It is possible to know what button is clicked, but in many cases, this is wrong approach. In most cases, you just handle each button with its separate handle. The problem is simple: where you really reuse then code, and where you just Repeat Yourself (one of the most important rules: don't repeat yourself,
http://en.wikipedia.org/wiki/Don%27t_repeat_yourself[
^]). Well, let's compare:
Dim buttonFirst As System.Windows.Forms.Button =
Dim buttonSecond As System.Windows.Forms.Button =
AddHandler buttonFirst.Click, Address of HandleButtonClick
AddHandler buttonSecond.Click, Address of HandleButtonClick
Private Sub HandleButtonClick(sender As Object, eventArgs As System.EventArgs)
Dim buffon As System.Windows.Forms.Button = DirectCast(sender, System.Windows.Forms.Button)
If button = buttonFirst Then
Else
End If
End Sub
In the sample above, you reused one method between two handlers, but did you reused the code? No, you just pushed ugliness into "if" statement.

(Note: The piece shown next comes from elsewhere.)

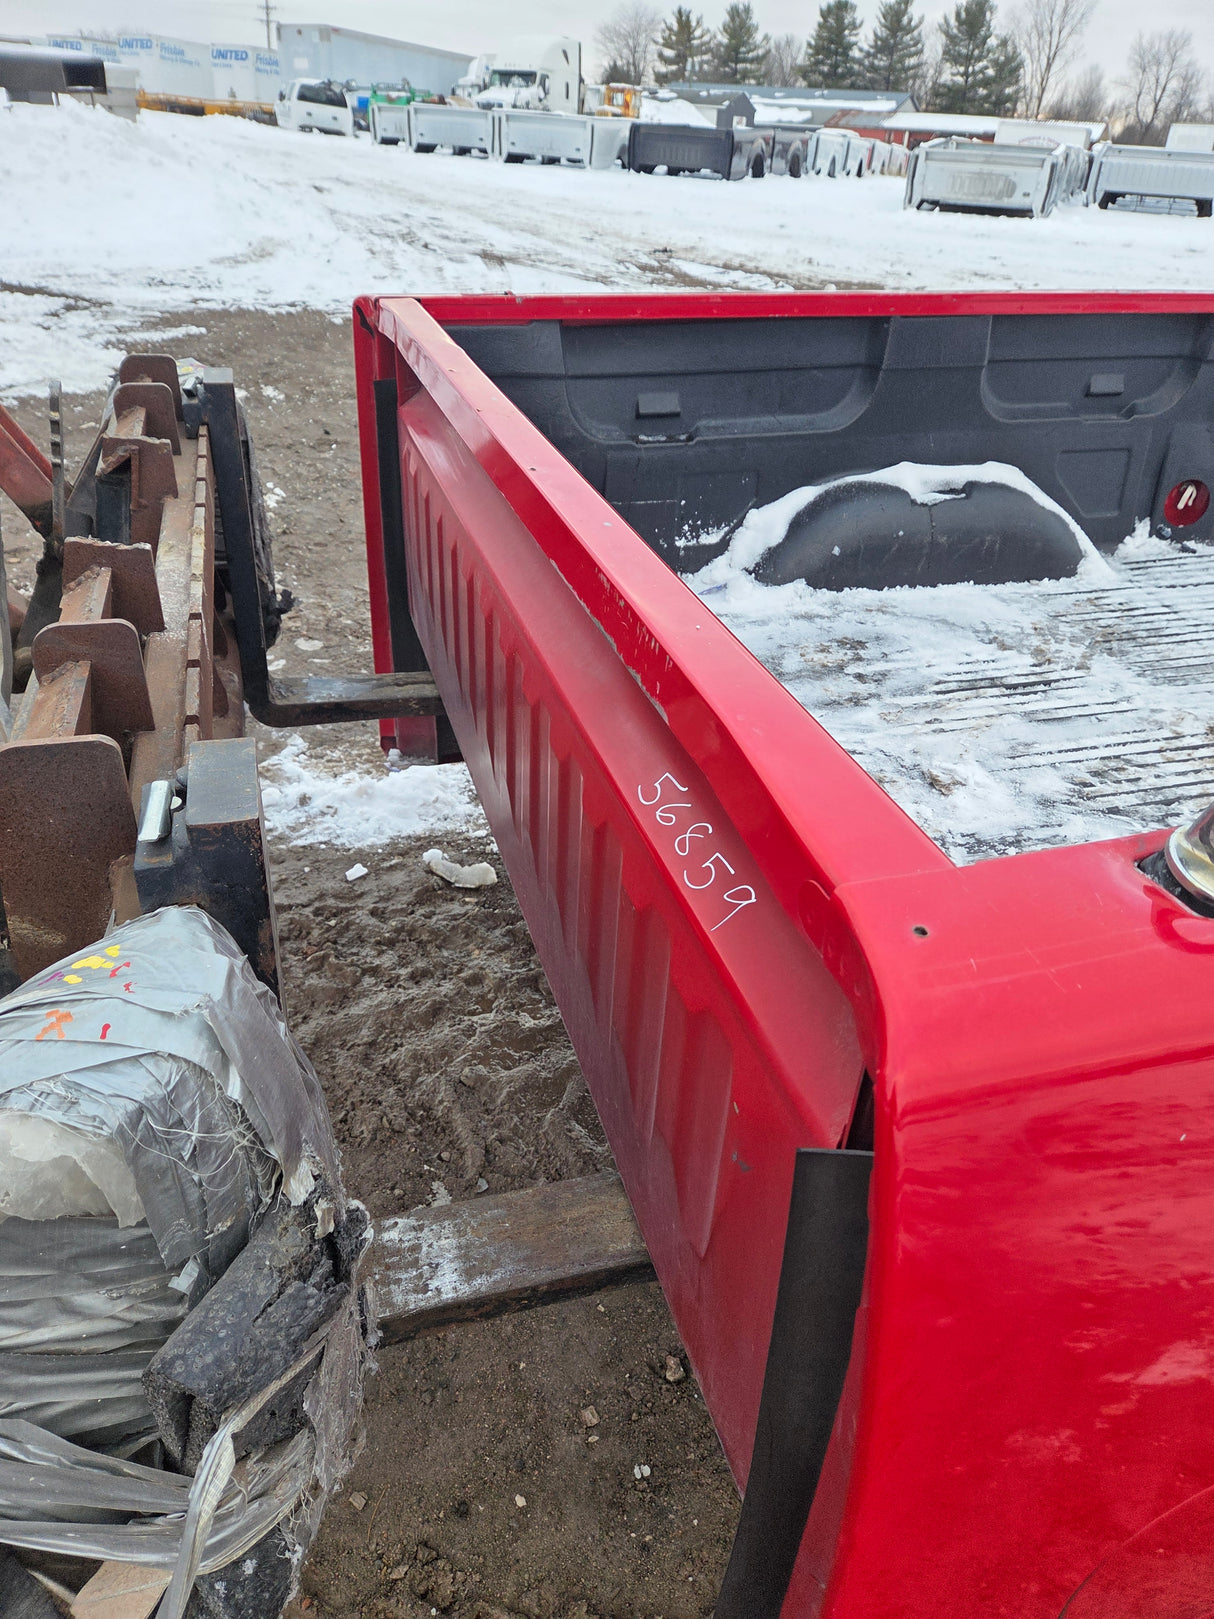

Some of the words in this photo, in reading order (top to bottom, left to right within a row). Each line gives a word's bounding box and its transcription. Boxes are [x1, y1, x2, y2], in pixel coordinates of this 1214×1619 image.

So, how about individual handlers then? Let's see:
AddHandler buttonFirst.Click, Sub(sender As Object, eventArgs As System.EventArgs)
End Sub
AddHandler buttonSecond.Click, Sub(sender As Object, eventArgs As System.EventArgs)
End Sub
Isn't it better? It depends on what you want to write instead of the code depicted with "...".
Conclusion. You can use the same method for several several events of different controls, but it pays off only if these handlers should do something really similar, besides, it requires type case and actually using first parameter. If it's just two button (or something else) instances doing something different, it's much better to use individual methods for handling the event on each.